Collected data:
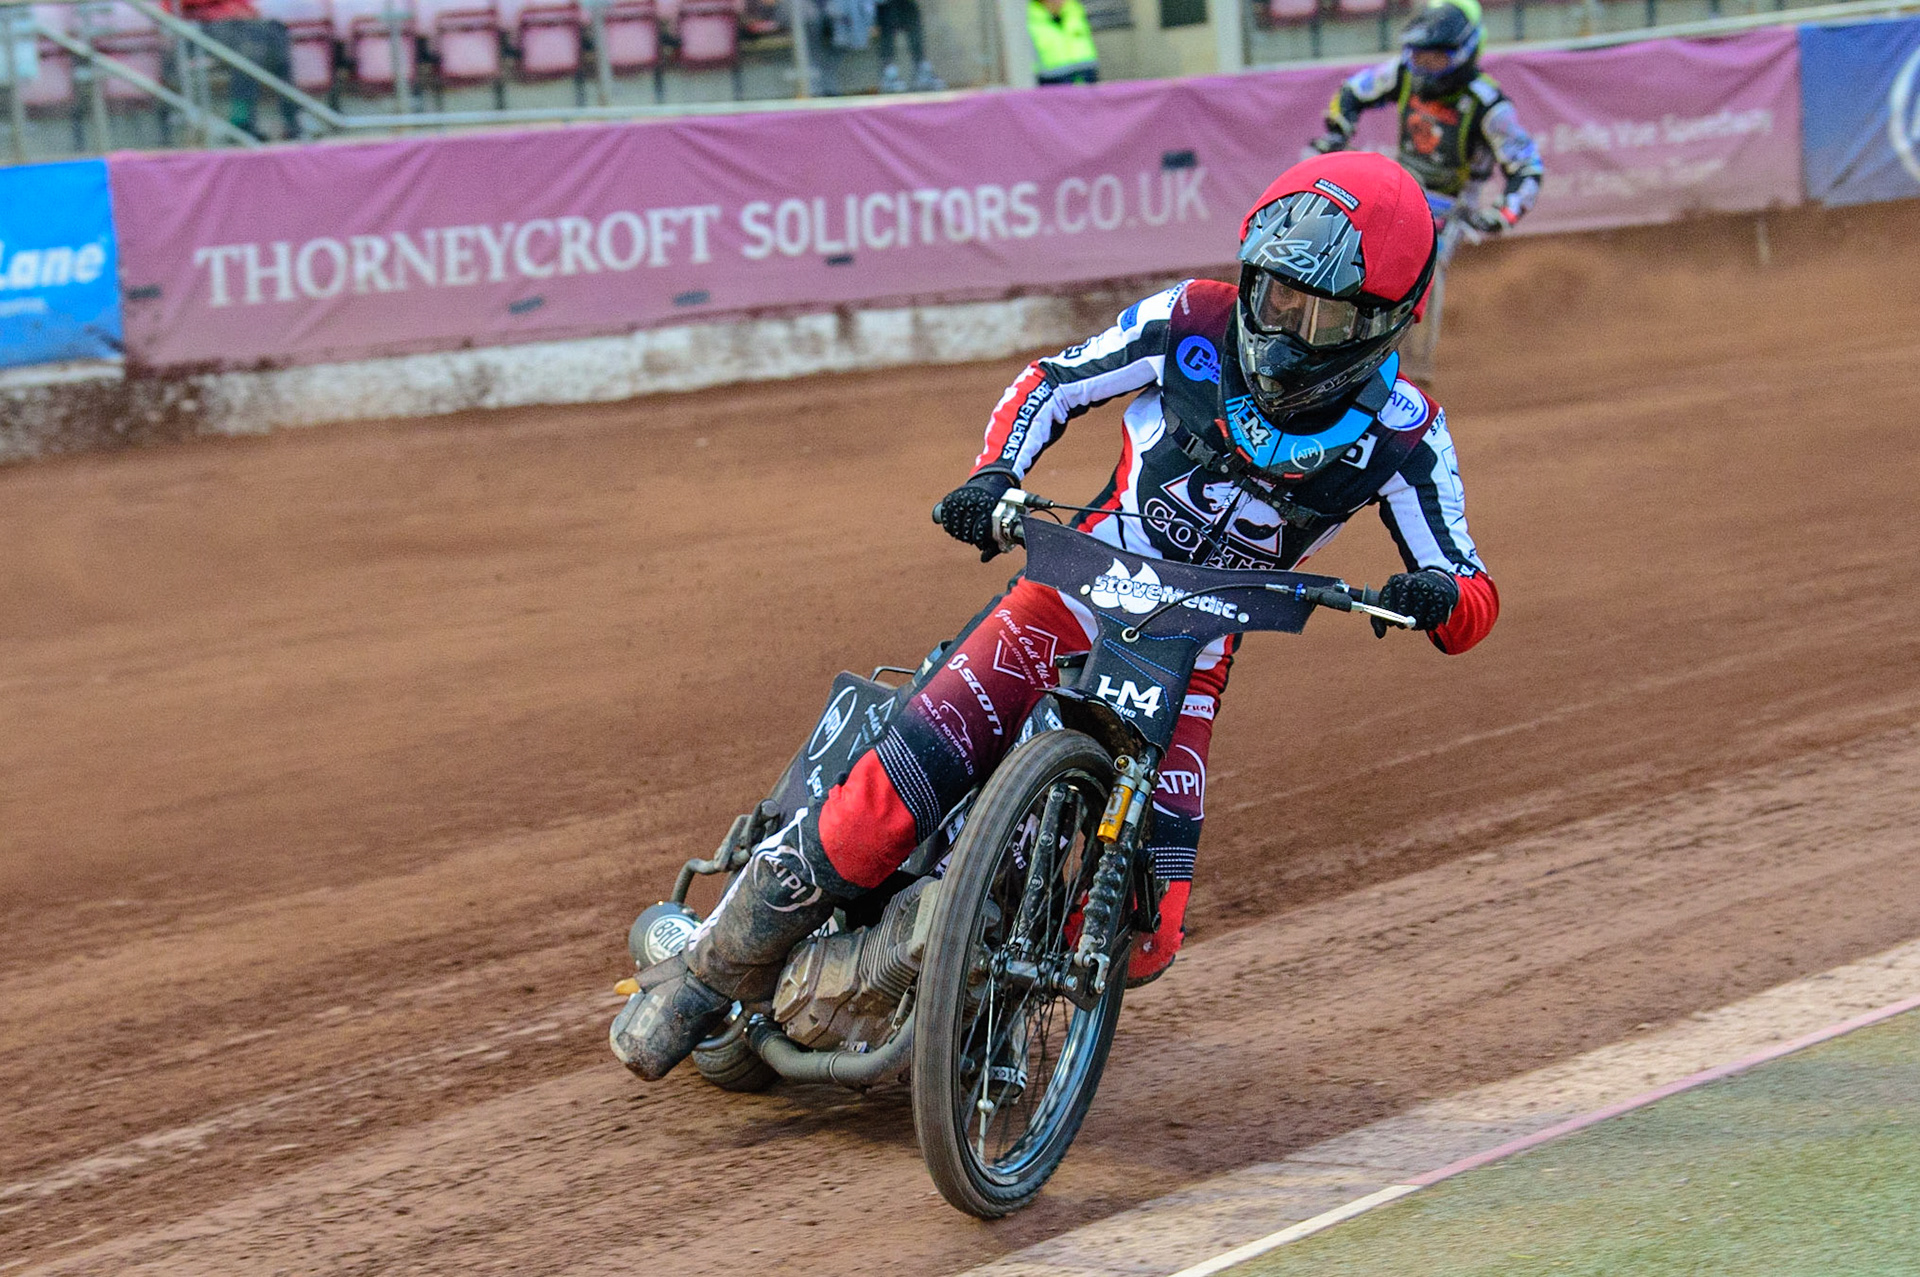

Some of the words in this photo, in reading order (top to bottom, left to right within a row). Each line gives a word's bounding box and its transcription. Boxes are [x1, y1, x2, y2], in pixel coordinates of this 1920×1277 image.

[194, 203, 724, 308] THORNEYCROFT
[738, 167, 1209, 260] SOLICITORS.CO.UK
[1389, 390, 1419, 418] ATPI
[1297, 446, 1319, 461] ATPI
[1096, 675, 1163, 718] HM4
[1183, 704, 1213, 714] ruck
[940, 723, 967, 758] MOTORS
[964, 760, 974, 775] LTD
[765, 855, 807, 900] ATPI

**WHAT YOU SHOULD DO:** Set down the entries above exactly, and keep every picture out of your copy.

**ANSWER SPACE:**
Some of the words in this photo, in reading order (top to bottom, left to right within a row). Each line gives a word's bounding box and its transcription. Boxes are [x1, y1, x2, y2], in pixel coordinates of this 1920×1277 image.

[194, 203, 724, 308] THORNEYCROFT
[738, 167, 1209, 260] SOLICITORS.CO.UK
[1389, 390, 1419, 418] ATPI
[1297, 446, 1319, 461] ATPI
[1096, 675, 1163, 718] HM4
[1183, 704, 1213, 714] ruck
[940, 723, 967, 758] MOTORS
[964, 760, 974, 775] LTD
[765, 855, 807, 900] ATPI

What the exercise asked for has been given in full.